How do I calculate $\lim_{x\rightarrow 0} x\ln x$ I was thinking about the reasons behind $0^0=1$ and I remember one of my friends studying math arguing about the continuity of the function $x^x$ in $0$. But when I write as $$x^x=e^{x\ln x}$$ I am now looking at $$\lim_{x\rightarrow 0} x\ln x$$
Graphically I can see in Mathematica that it goes to $0.$ But I can't calculate by using a Taylor expansion, because I can't expand log around $0$. How do you prove that?

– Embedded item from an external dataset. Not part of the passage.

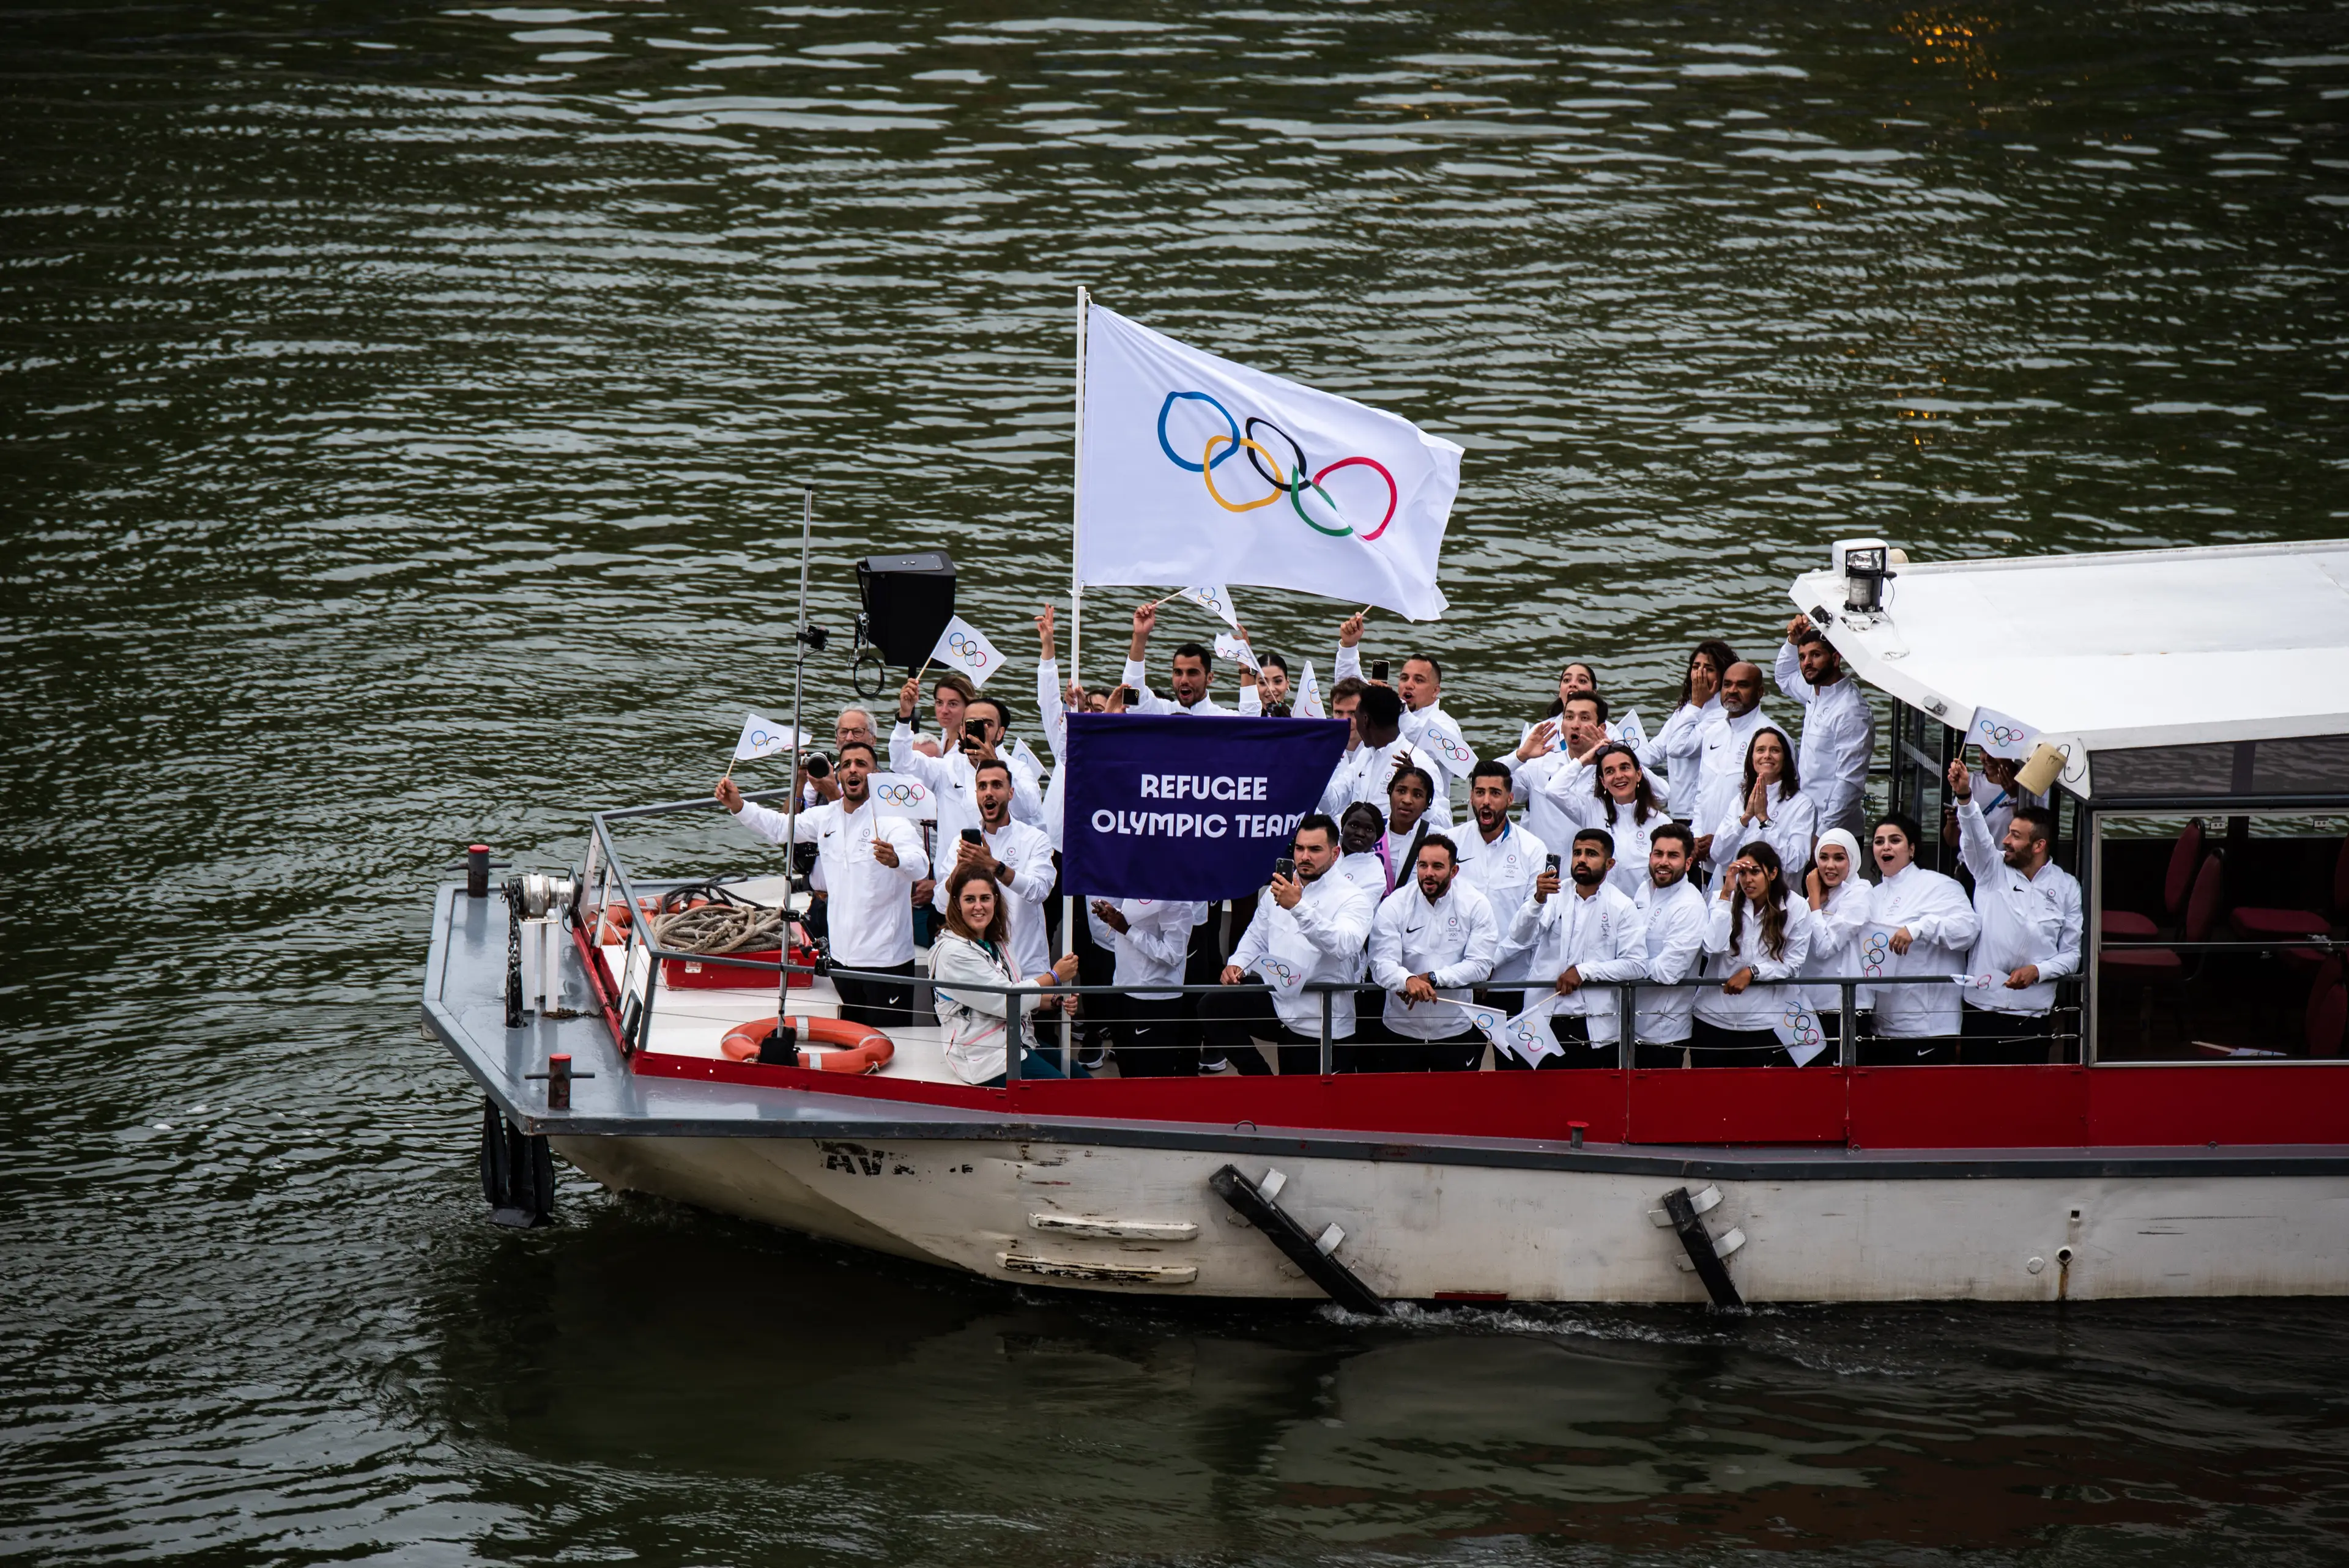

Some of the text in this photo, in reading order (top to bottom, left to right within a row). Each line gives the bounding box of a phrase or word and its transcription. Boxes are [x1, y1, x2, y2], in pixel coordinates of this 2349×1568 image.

 A: L'Hopital's rule can be used,
$$\lim_{x\to 0^+}x\ln x=\lim_{x\to 0^+}\frac{\ln x}{\frac{1}{x}}$$
Using L'Hopital's Rule (as it has$\frac{-\infty}{\infty } $ form, and $\ln(x)$ and $1/x$ are differentiable to the right of $0$) we have,
$$\lim_{x\to 0^+}\frac{\ln x}{\frac{1}{x}}=\lim_{x\to 0^+}\frac{\frac{d\ln x}{dx}}{\frac{d\frac{1}{x}}{dx}}=\lim_{x\to 0^+}\frac{\frac{1}{x}}{\frac{-1}{x^2}}=\lim_{x\to 0^+}(-x)=0$$
A: Substitute $x = e^y$, then if $x \to 0$, $y\to -\infty$. So the limit becomes $$\lim\limits_{x\to 0} x \ln x = \lim\limits_{y\to -\infty} y\cdot e^{y}  = 0, $$ because $e^\cdot$ is stronger than any polynomial.

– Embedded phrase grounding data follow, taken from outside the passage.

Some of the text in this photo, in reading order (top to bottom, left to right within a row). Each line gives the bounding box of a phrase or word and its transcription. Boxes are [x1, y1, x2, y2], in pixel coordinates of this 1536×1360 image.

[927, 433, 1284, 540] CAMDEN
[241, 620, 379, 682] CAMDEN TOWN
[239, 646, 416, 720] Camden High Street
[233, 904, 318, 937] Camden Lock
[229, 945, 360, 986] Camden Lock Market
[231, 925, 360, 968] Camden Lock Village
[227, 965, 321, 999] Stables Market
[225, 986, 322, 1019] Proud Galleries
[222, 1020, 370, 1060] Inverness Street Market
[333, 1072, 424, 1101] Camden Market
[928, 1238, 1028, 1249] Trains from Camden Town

A: $ln(x) =  -\sum_{k=1}^\infty {(-1)^k (x-1)^k \over k}$  for $|x-1|<1$
Then $xln(x) =  -\sum_{k=1}^\infty {x(-1)^k (x-1)^k \over k}$ wich converges for $x=0$.
q.e.d.
A: Putting $y = 1/x$,
$x^x
=(1/y)^{1/y}
=\dfrac1{y^{1/y}}
$.
So,
if we can show that
$\lim_{y \to \infty} y^{1/y}
= 1$,
then $\lim_{x \to 0} x^x = 1$.
Here (again)
is a simple proof that
$n^{1/n} \to 1$
as $n \to \infty$.
By Bernoulli's inequality,
$(1+n^{-1/2})^n
\gt 1+n^{-1/2}n
=1+n^{1/2}
> n^{1/2}$.
Raising to the
$2/n$ power,
$(1+n^{-1/2})^2
> n^{1/n}$
so that
$n^{1/n}
< (1+n^{-1/2})^2
= 1+2n^{-1/2} + n^{-1}
< 1+3n^{-1/2}
$.
Since
$n^{1/n} > 1$,
$n^{1/n} \to 1$.
A: $(x\ln x)'=\ln x+1\to -\infty$ when $x\to 0^+$ we conclude that $(x\ln x)$ is a decreasing function near $0$.
Since $x\ln(x)\le 0$ then for $x$ sufficiently small we have $|x\ln x|<C$ for some constant $C$.
Let's have $x\to 0^+$, $y\to 0^+$ so that $u=xy\to 0^+$.
$|u\ln u|=|xy\ln(xy)|=|xy(\ln x+\ln y)|=|y(x\ln x)+x(y\ln y)|\le|y(x\ln x)|+|x(y\ln y)|\le C(|x|+|y|)\to 0$